За полтора года совместного пребывания в Школе почти все 10-минутные перерывы - прогулки по кэмпу между уроками-лекциями, мы с Бинштоком проводили вместе в беседах. Он был интереснее других, потому что знал больше многих, как, вероятно, был и наиболее образованным из всех русских преподавателей Школы второй половины 1944 - начала 1946 гг.
Он был - или старался быть - "еретиком" во многих отношениях. Не только политически, а и в более глубоком, "мировоззренческом" отношении. Независимость его взглядов часто сопровождалась парадоксальностью, а то и явной "неувязкой". Меньшевик по партийной принадлежности, он резко осуждал правых меньшевиков - Абрамовича, Далина, Шварца, Николаевского, с которыми связан был общей политической работой в России, и, осуждая их "справа", более чем сочувственно отзывался о лидере левых меньшевиков Дане. Правда, Биншток был связан с последним по родственной линии, но это, конечно, не могло служить для него критерием политической оценки - по существу совсем не радикальной.
Через два года после того, как Морская Школа была закрыта, проф. Позин прочитал доклад на Дальнезападном совещании Американской ассоциации преподавателей славянских и восточноевропейских языков об "Опыте интенсивной тренировки в русском языке в Морской Школе языков". Доклад тогда же появился в Портлендском журнале "В помощь преподавателю русского языка в {183} Америке". Из этого журнала я узнал многое, чего не знал, будучи одним из действующих лиц, о которых говорилось в докладе, - без упоминания, конечно, имен. Так, оказывается, выбор учебного персонала был "главной проблемой, причинявшей наибольшие заботы" организаторам русского отдела Школы. Преподавателей не хватало: более или менее опытные не желали прерывать своего регулярного преподавания в университете ради временной службы. Пришлось прибегнуть к помощи образованных русских, не имевших никакого опыта (или весьма незначительный) и приготовить детальную программу, которой они должны были следовать. За более чем 25 лет до этого времени (1944) не было волны иммиграции из России. Это означало, что нам приходилось рассчитывать на лиц с дореволюционным русским образованием, и потому средний возраст преподавателей был значительно выше 50 лет".
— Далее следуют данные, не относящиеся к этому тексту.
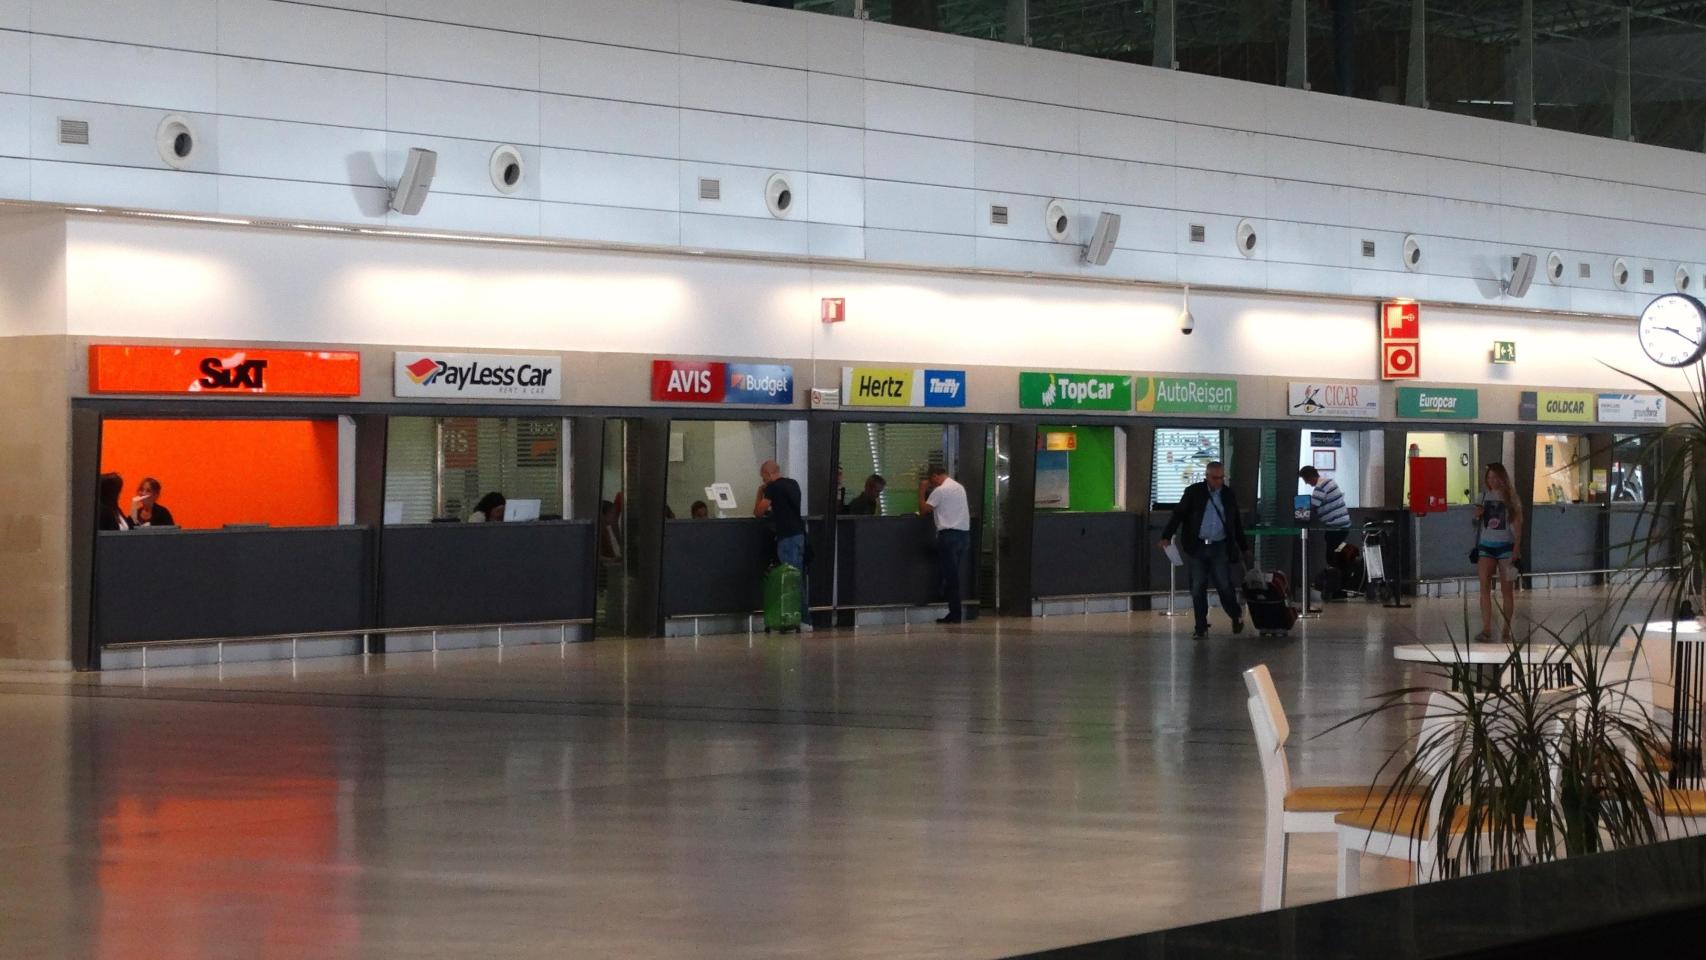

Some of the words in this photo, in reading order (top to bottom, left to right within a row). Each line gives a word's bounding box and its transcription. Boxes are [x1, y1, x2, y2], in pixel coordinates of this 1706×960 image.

[518, 365, 552, 386] Car
[667, 370, 711, 393] AVIS
[747, 375, 788, 396] Budget
[859, 376, 904, 397] Hertz
[1058, 378, 1114, 404] TopCar
[1157, 381, 1232, 404] AutoReisen
[1325, 385, 1358, 406] CICAR
[1419, 393, 1457, 412] Europcar
[1546, 400, 1584, 414] GOLDCAR
Я прибавил бы к этому из "внутреннего" опыта общения с коллегами, что среди них оказались не только не имевшие никакого педагогического стажа и опыта, но даже не говорившие правильно на языке, который им предстояло преподавать. Они составляли, конечно, исключение, но один из них, с высшим агрономическим образованием, без стеснения в частном разговоре говорил: "мы хочим", "они хочут" ... Бывало и другое. Только из доклада Позина узнал я также, что переобремененный административными обязанностями, преподаванием и наблюдением за преподаванием других лиц, Позин назначил себе в помощь наблюдателей за преподаванием их коллег, - "старшего" в группе. Студенты сразу же прозвали этих старших учителей "гаулейтерами" (их обычно было шесть или семь) - уточнил автор. Должен сказать, что за полтора года пребывания в Боулдере, я никогда не слыхал даже о существовании в Школе такого института: не был сам "гаулейтером" и не был никому подчинен, кроме Позина и Шоу.
Мне Школа была обязана - до ознакомления с докладом Позина я считал себя обязанным Школе - приглашением в состав преподавателей трех лиц: совместно с Бинштоком мы рекомендовали известного мне лишь понаслышке меньшевика Бориса Исаевича Волосова; Самсона Моисеевича Соловейчика, моего партийного единомышленника, захворавшего в Нью-Йорке на непривычной физической работе у станка, и, главное, - Александра Арнольдовича Койранского, старого моего приятеля еще с московских времен.
Не помню как, до меня дошло, что Койранский, блестящий на все творческие дела мастер, находится длительно в материально трудных условиях. И это в Америке! После двадцати лет пребывания! .. Я знал его еще 14-летним учеником гимназии Крейман, довольно распущенным, но и тогда выдающимся подростком, говоруном с отличной памятью, находчивым и занимательным. Он стал художником по образованию и профессии, но был и беллетристом, художественным и театральным критиком, известным всей художественной, театральной, литературной и купеческой Москве. Он знал Москву превосходно - не только ее архитектуру и людей, но и ее рестораны, кабаки, скачки, бега, лихачей и наездников.
{184} Как и оба его старших брата, Александр Койранский был завсегдатаем московского литературно-художественного кружка, в котором не только играли в карты и хорошо ели, но и выступали публично писатели и поэты. Нередко выступали в прениях и Койранские - все трое, один за другим. Все говорили свободно, если и недостаточно убедительно, то напористо и щеголяя множеством цитат на память из самых глубокомысленных источников. Все трое были очень способны - младший, Александр, может быть способнее братьев, славился остроумием и был любимцем очень многих. Он был близок к артистам Художественного театра, а Василий Качалов был его интимный друг. Высоко ставил его и сам Станиславский, обратившийся к его помощи, когда в 1923 году очутился в Америке и задумал издать свою знаменитую "Систему" по-английски.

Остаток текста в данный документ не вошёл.